- Work item
Would you return each record that follows word for word, without its pictures?

━━━ Information provided

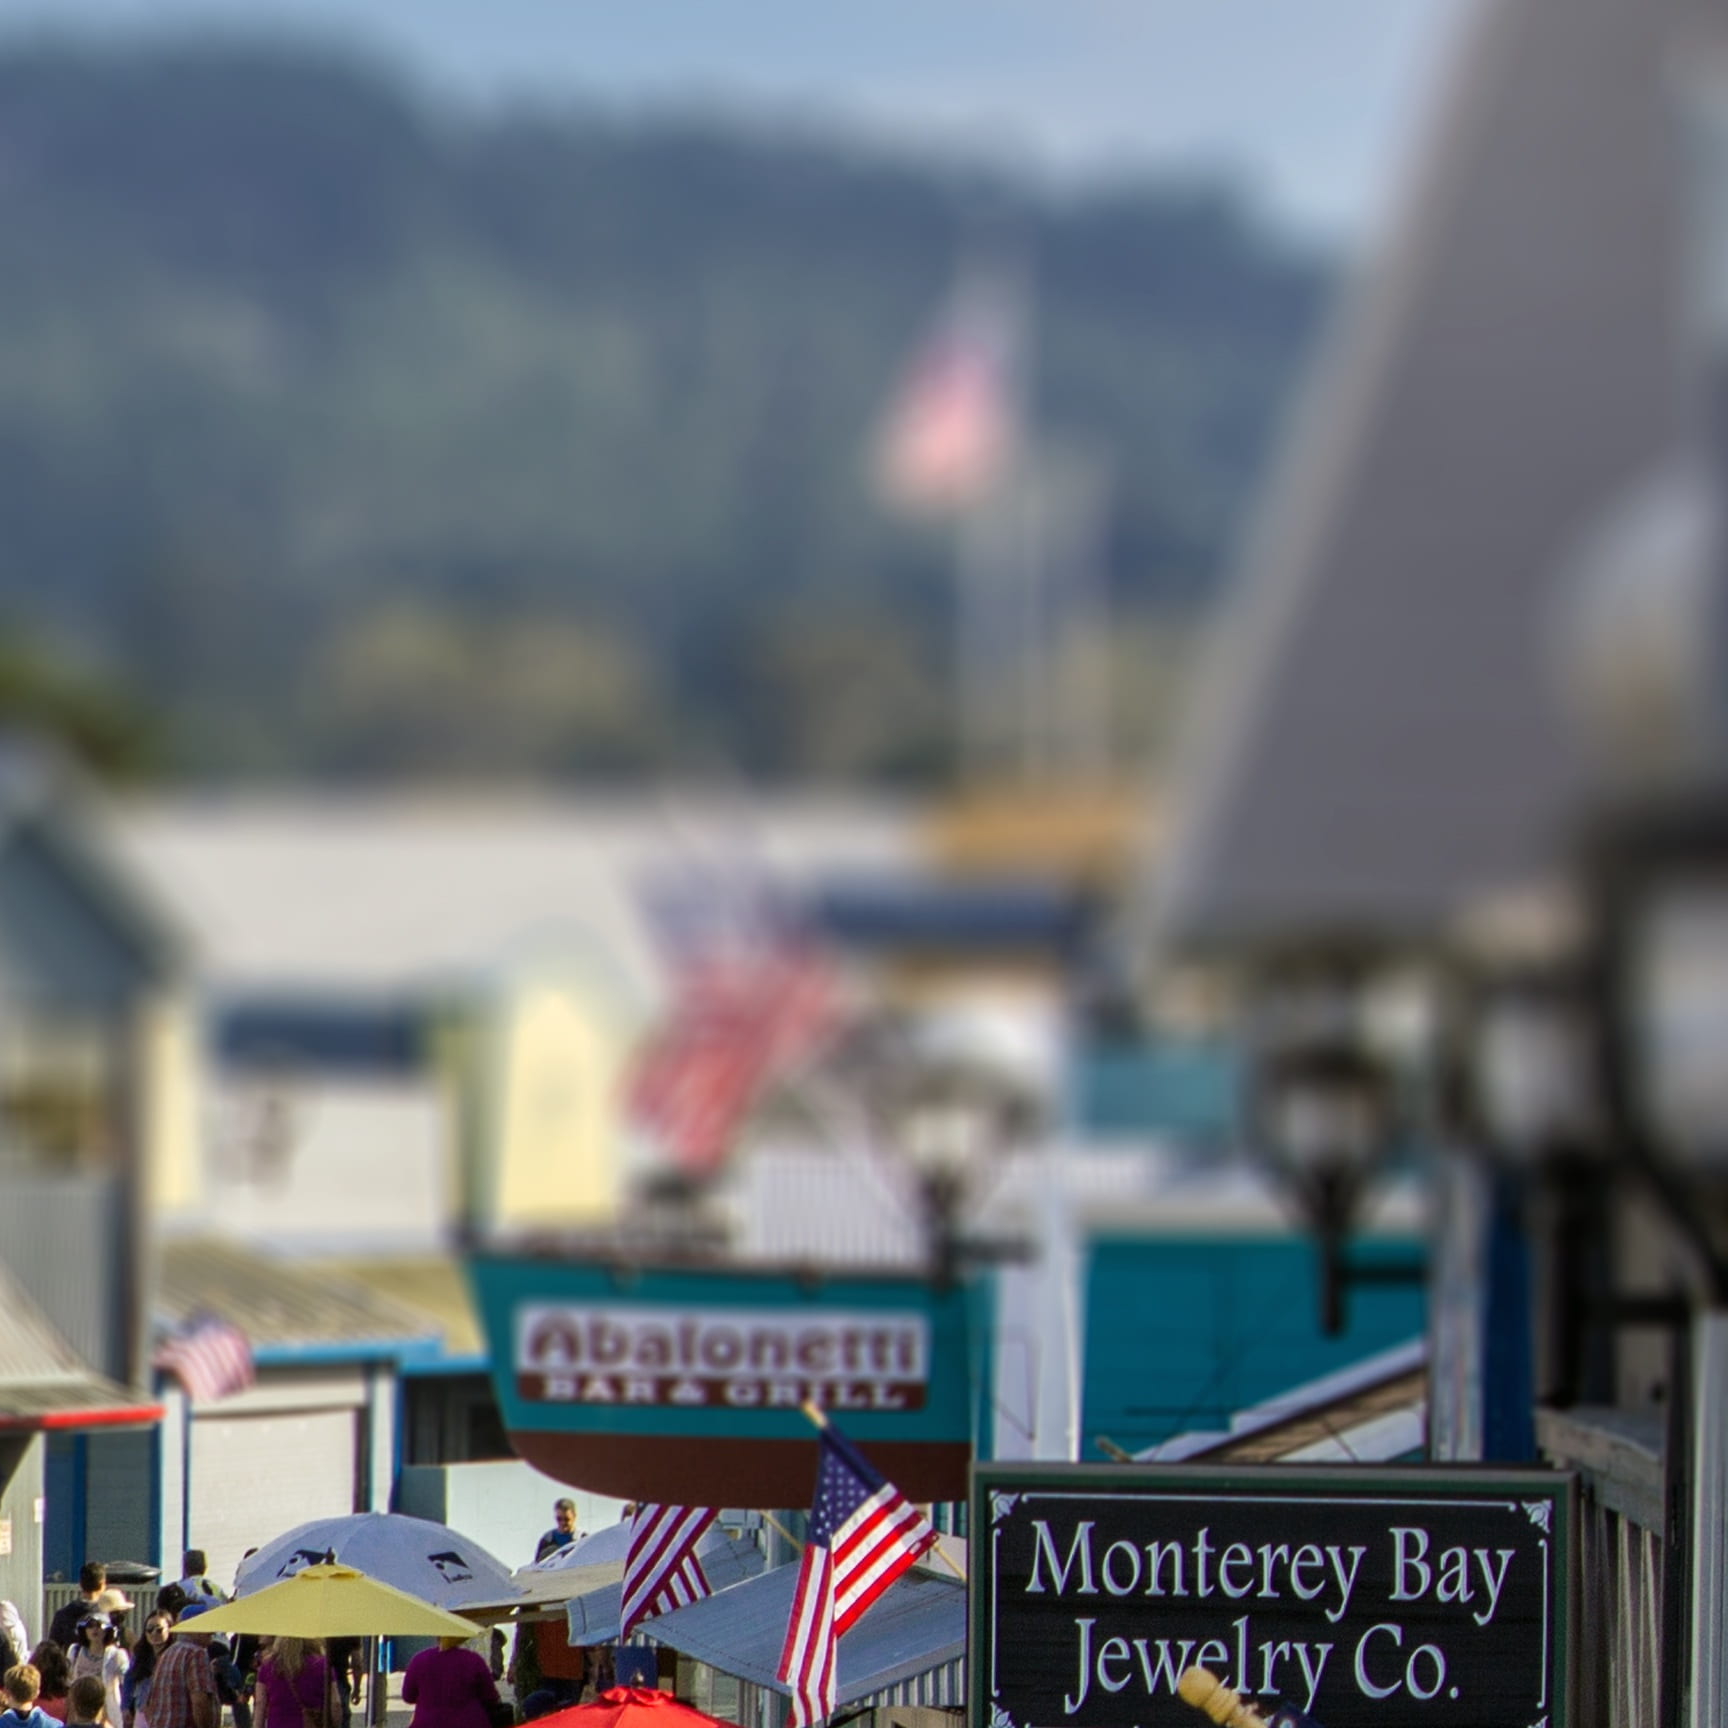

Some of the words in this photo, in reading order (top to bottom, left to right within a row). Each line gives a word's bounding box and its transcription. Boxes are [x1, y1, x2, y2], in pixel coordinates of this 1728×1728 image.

[528, 1310, 919, 1374] Abalonetti
[544, 1377, 657, 1403] BAR
[669, 1379, 705, 1404] &
[724, 1381, 906, 1408] GRILL
[1025, 1520, 1366, 1622] Monterey
[1388, 1527, 1515, 1626] Bay
[1354, 1623, 1459, 1699] Co.
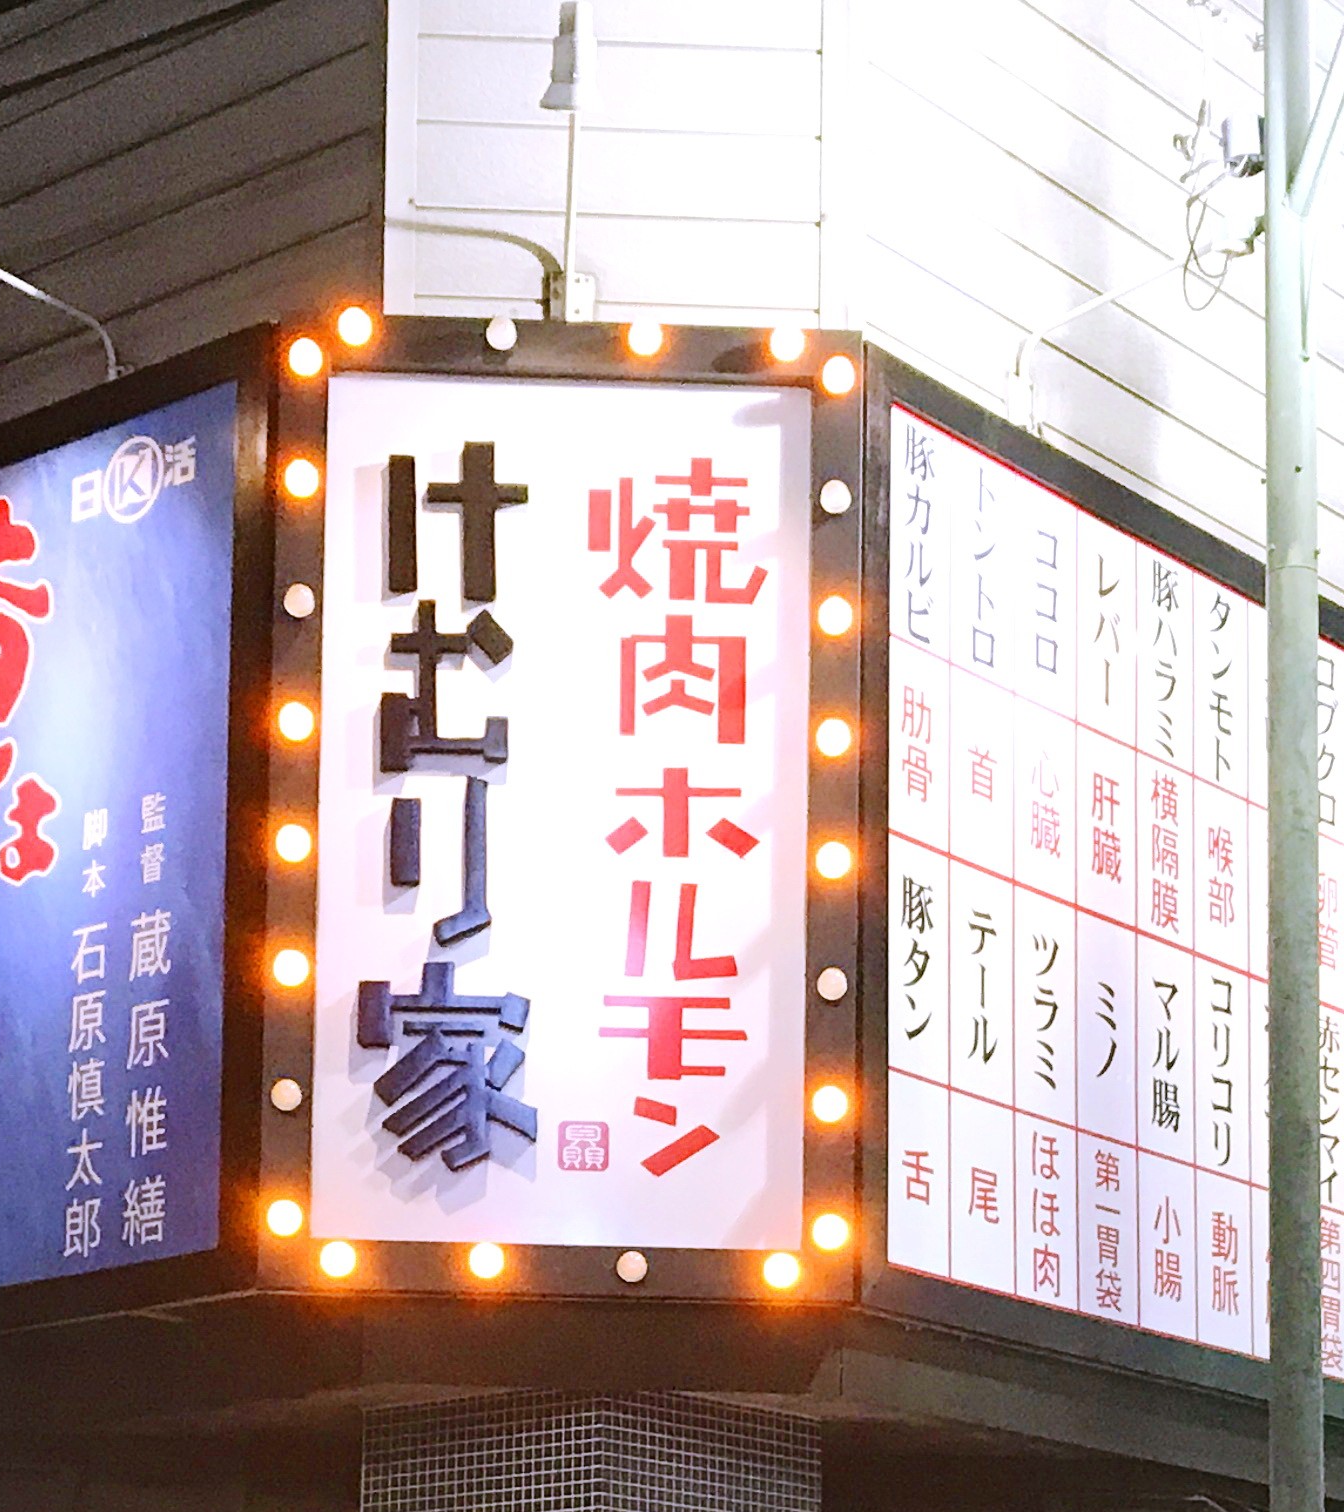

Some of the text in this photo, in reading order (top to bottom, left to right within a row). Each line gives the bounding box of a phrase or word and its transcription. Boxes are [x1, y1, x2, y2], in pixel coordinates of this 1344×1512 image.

━━━━━━

- Task output
Some of the words in this photo, in reading order (top to bottom, left to right within a row). Each line gives a word's bounding box and its transcription. Boxes are [x1, y1, x2, y2], in pixel coordinates of this 1728×1728 image.

[528, 1310, 919, 1374] Abalonetti
[544, 1377, 657, 1403] BAR
[669, 1379, 705, 1404] &
[724, 1381, 906, 1408] GRILL
[1025, 1520, 1366, 1622] Monterey
[1388, 1527, 1515, 1626] Bay
[1354, 1623, 1459, 1699] Co.

Some of the text in this photo, in reading order (top to bottom, left to right within a row). Each line gives the bounding box of a phrase or word and its transcription. Boxes are [x1, y1, x2, y2], in pixel coordinates of this 1344×1512 image.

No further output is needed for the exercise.